Cortinas abertas, janelas trancadas.
Aroma diferente, temperatura quente.
Eu sabia exatamente onde estava, e não era em minha casa, tampouco o apartamento de Cosima. Levantei-me, embrulhei meu corpo nu em um dos lençóis amassados. Não arrumei meu cabelo, senti prazer em estar ali. Ouvi música em tom médio com batidas agitadas, então segui caminho às notas apressadas.
Ele dançava.
Ele, para mim, cozinhava.
E ele não me viu chegando, portanto, seu comportamento natural, durante alguns segundos, fiquei observando. Vestindo uma samba canção preta, pés ao chão, Pallo balançava seus ombros tatuados e remexia seus quadris bronzeados. A música que tocava tinha letra vulgar e grave descontrolado, sons com saxofone, e variados gemidos de uma mulher qualquer.

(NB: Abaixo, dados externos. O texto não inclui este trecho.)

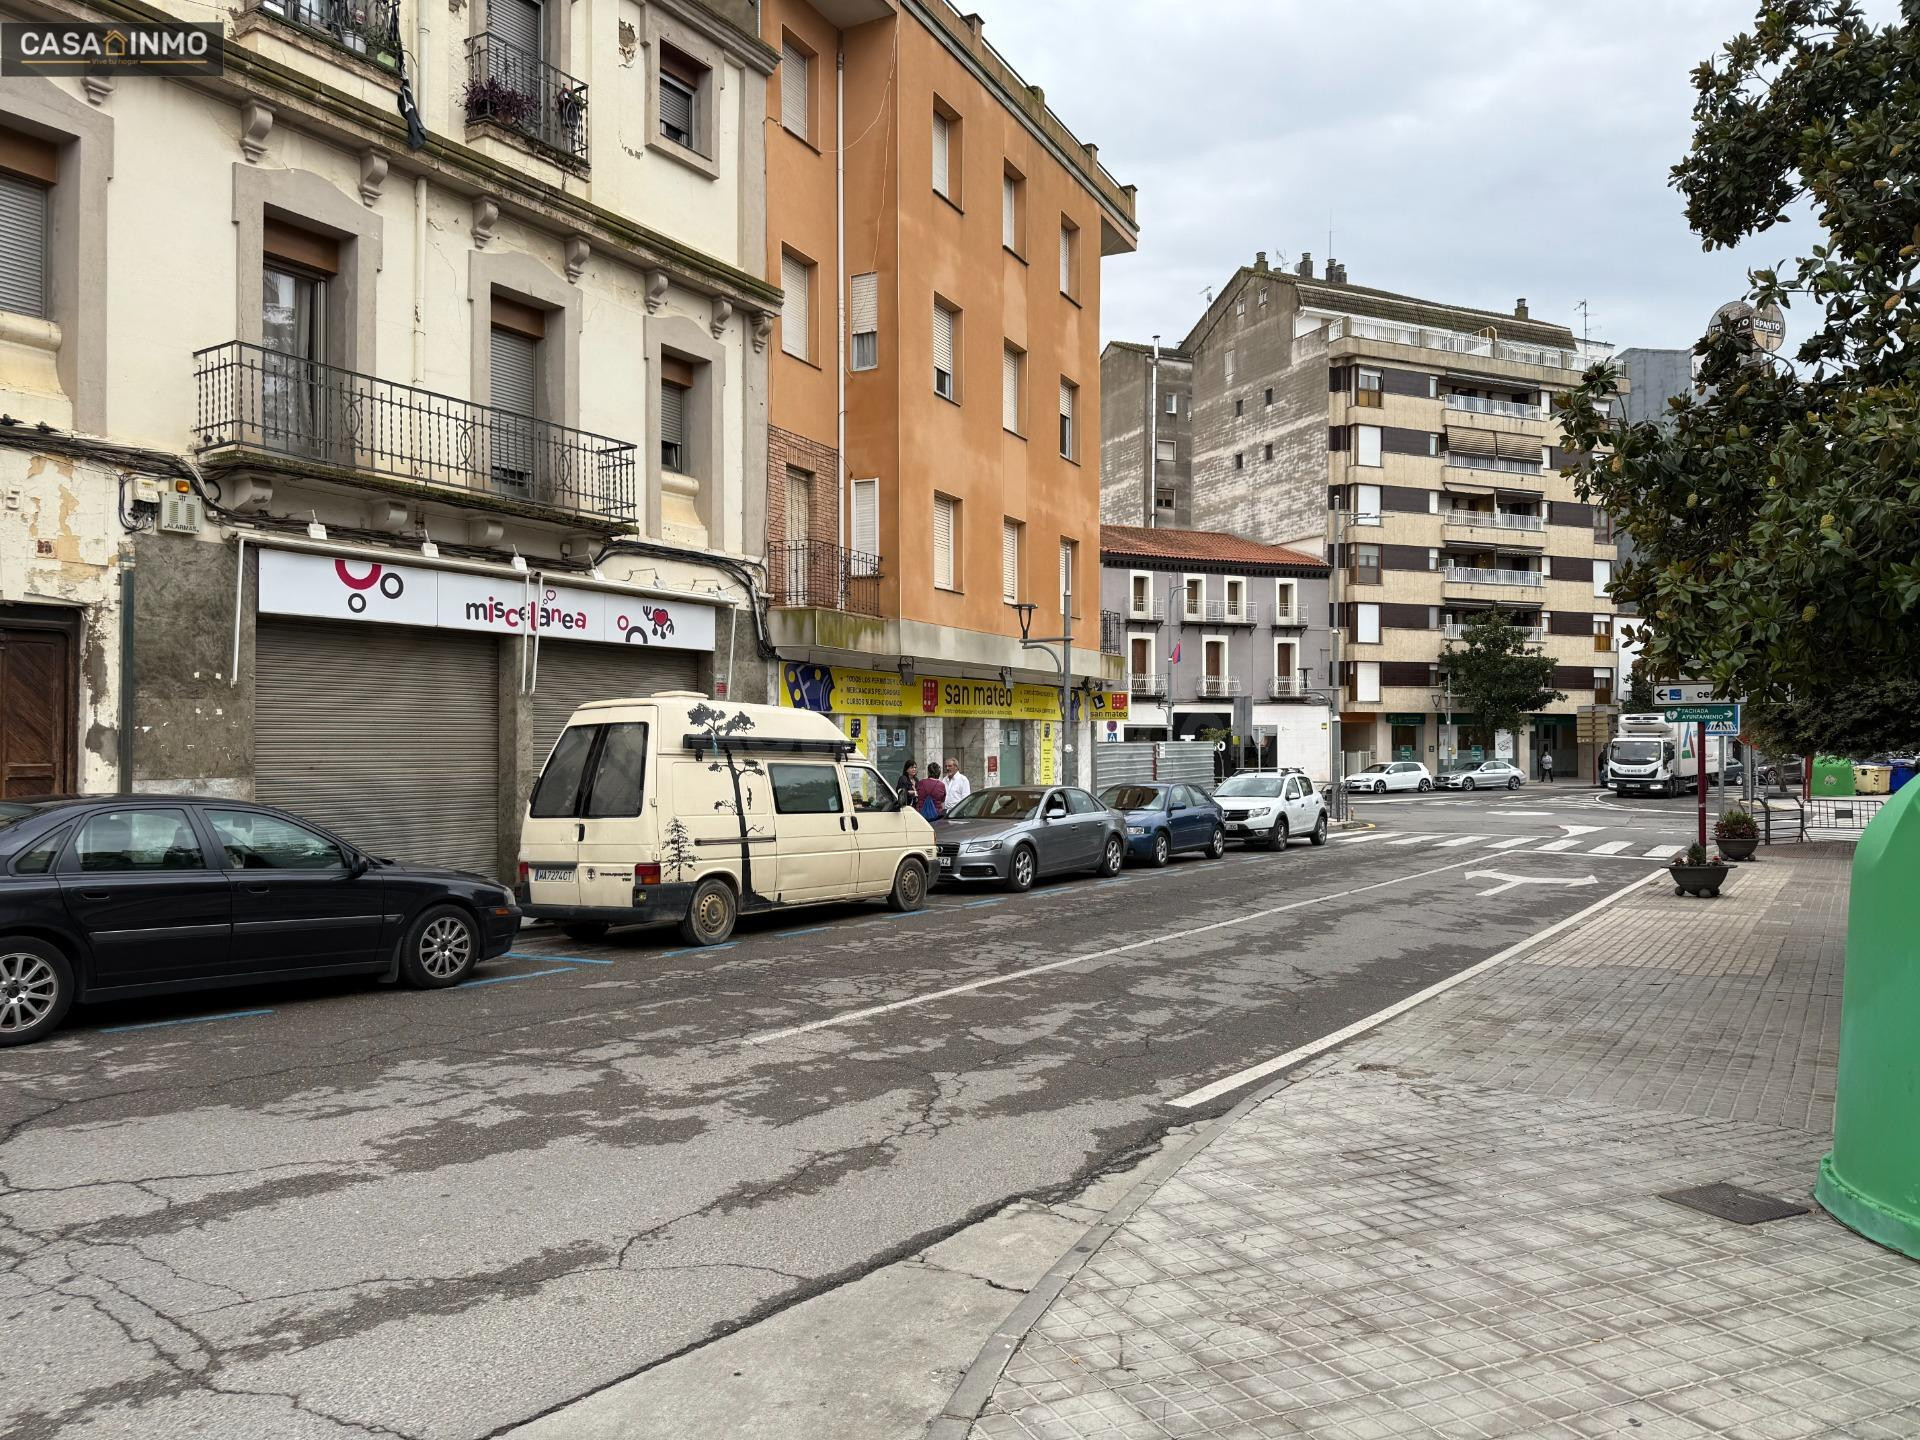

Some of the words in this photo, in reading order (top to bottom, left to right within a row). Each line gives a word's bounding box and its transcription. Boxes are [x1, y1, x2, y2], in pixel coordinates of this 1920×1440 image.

[166, 522, 198, 532] ALARMAS
[945, 684, 969, 705] san
[973, 685, 1013, 707] mateo
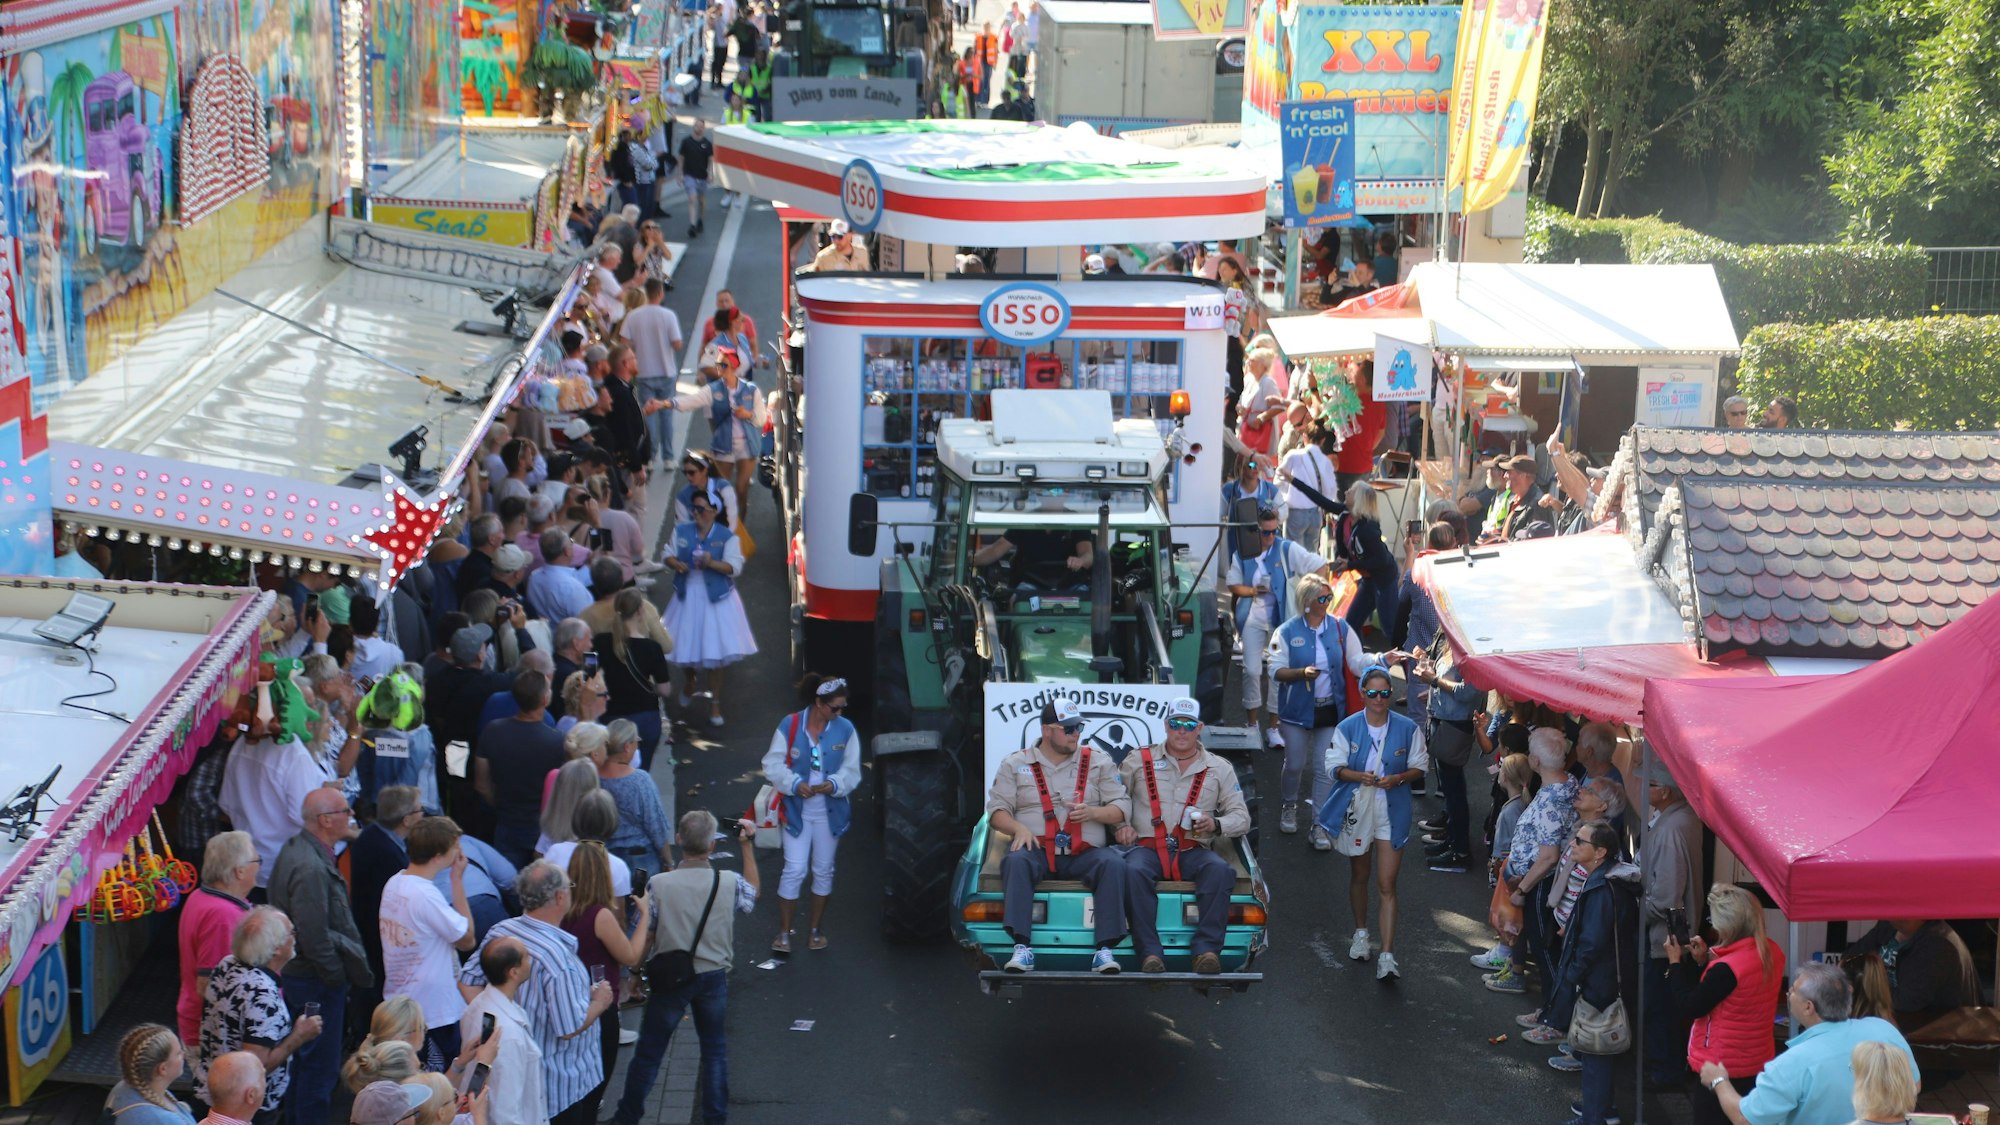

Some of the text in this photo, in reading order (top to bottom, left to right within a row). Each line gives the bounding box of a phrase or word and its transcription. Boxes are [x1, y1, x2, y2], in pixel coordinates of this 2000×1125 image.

[1321, 29, 1441, 73] XXL
[829, 86, 857, 99] vom
[864, 86, 902, 107] Lande
[1290, 106, 1345, 122] fresh
[1473, 69, 1501, 183] MonsterSlush
[845, 180, 876, 211] ISSO
[992, 303, 1060, 325] ISSO
[1190, 305, 1221, 317] W10
[27, 954, 60, 1044] 66
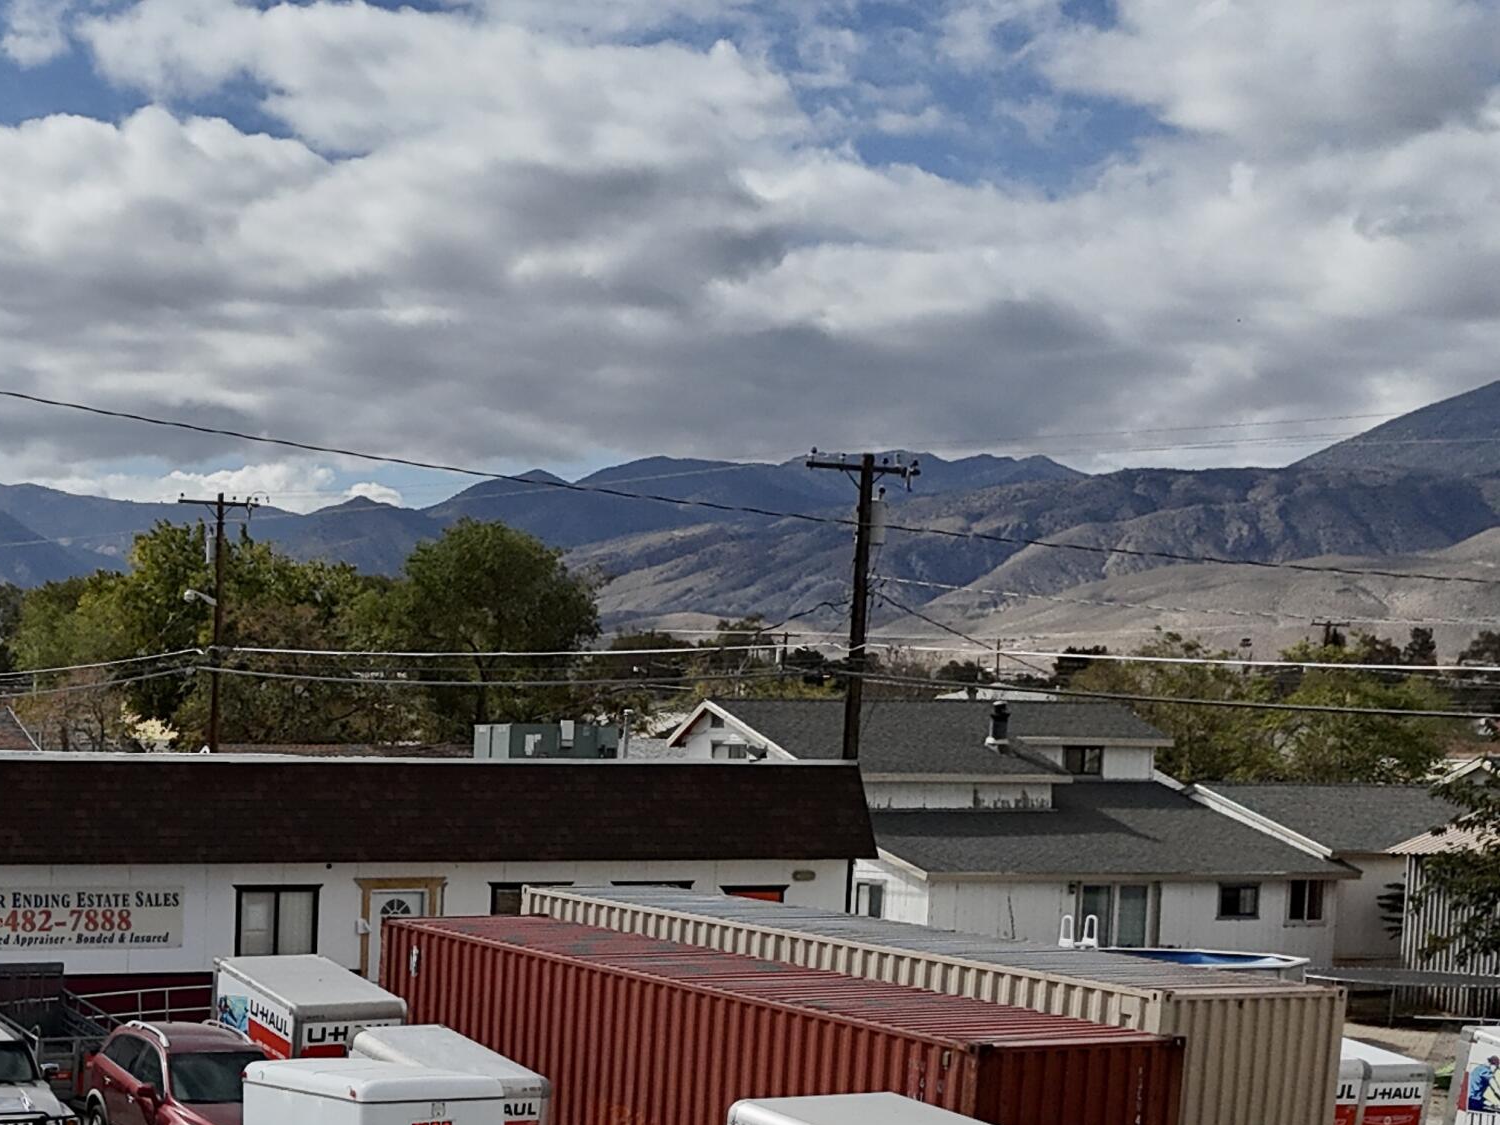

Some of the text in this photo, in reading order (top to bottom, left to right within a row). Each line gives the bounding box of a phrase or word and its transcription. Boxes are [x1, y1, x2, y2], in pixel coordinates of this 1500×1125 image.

[12, 892, 70, 908] ENDING
[77, 892, 130, 908] ESTATE
[136, 891, 179, 907] SALES
[13, 934, 65, 947] Appraiser
[76, 932, 115, 944] Bonded
[118, 933, 125, 944] &
[129, 932, 169, 943] Insured
[250, 999, 290, 1037] U-HAUL
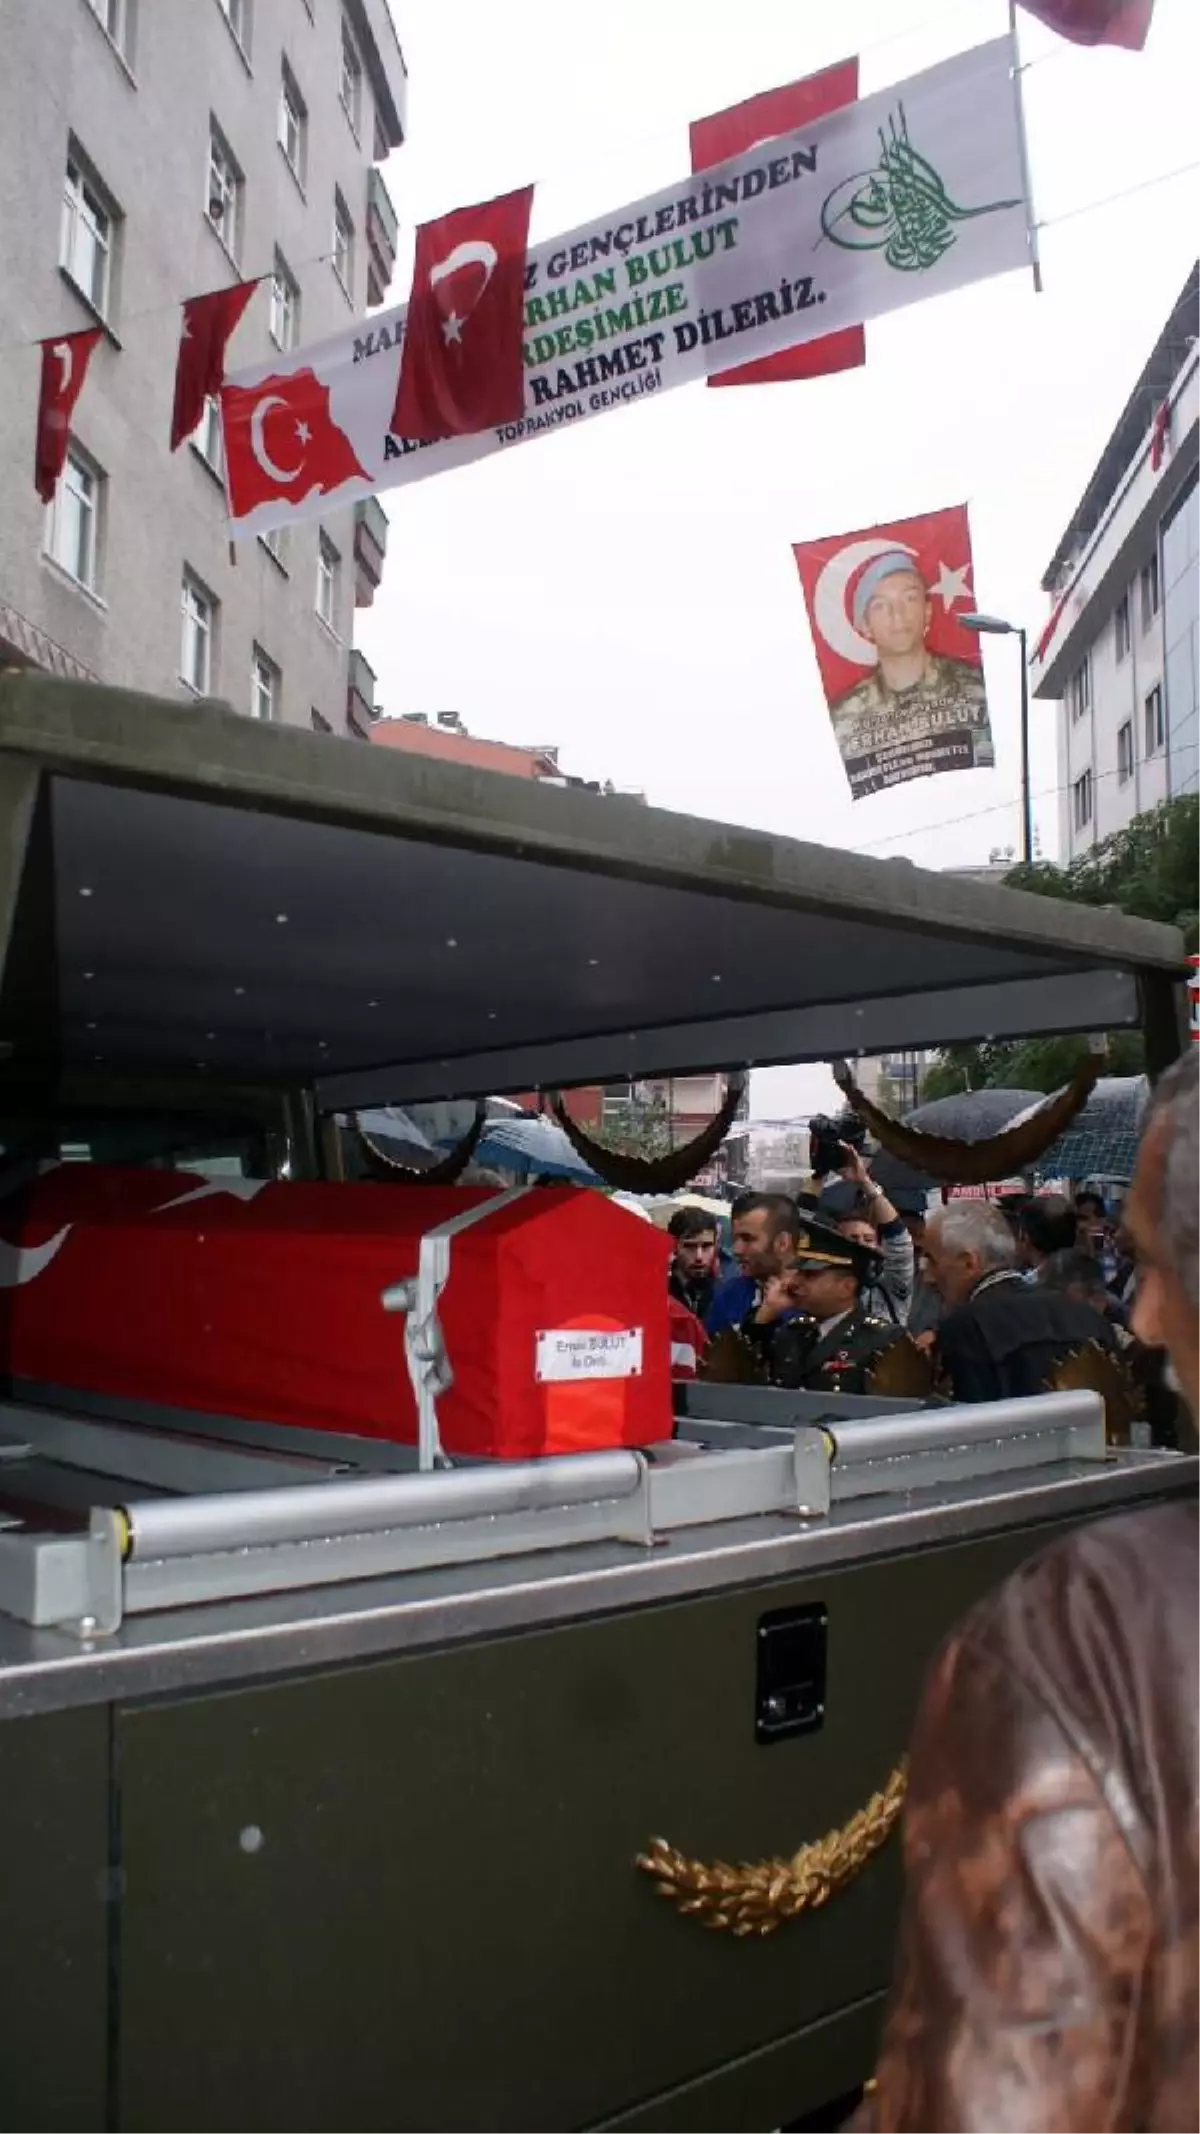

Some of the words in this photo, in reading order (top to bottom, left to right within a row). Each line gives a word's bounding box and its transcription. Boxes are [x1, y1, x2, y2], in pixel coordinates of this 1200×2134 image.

"Baby, don't you leave my side, don't even try
I'mma go crazy, girl, you saved me
Meditate me, get me piece of mind
It's only she and I, ocean floor, how deep we dive
We be high lookin' for another fuckin' tree to climb"
"Mac Miller?" Questionei ao reconhecer a voz do Rapper.
"Sempre." O homem em minha frente sorriu e acenou com a cabeça.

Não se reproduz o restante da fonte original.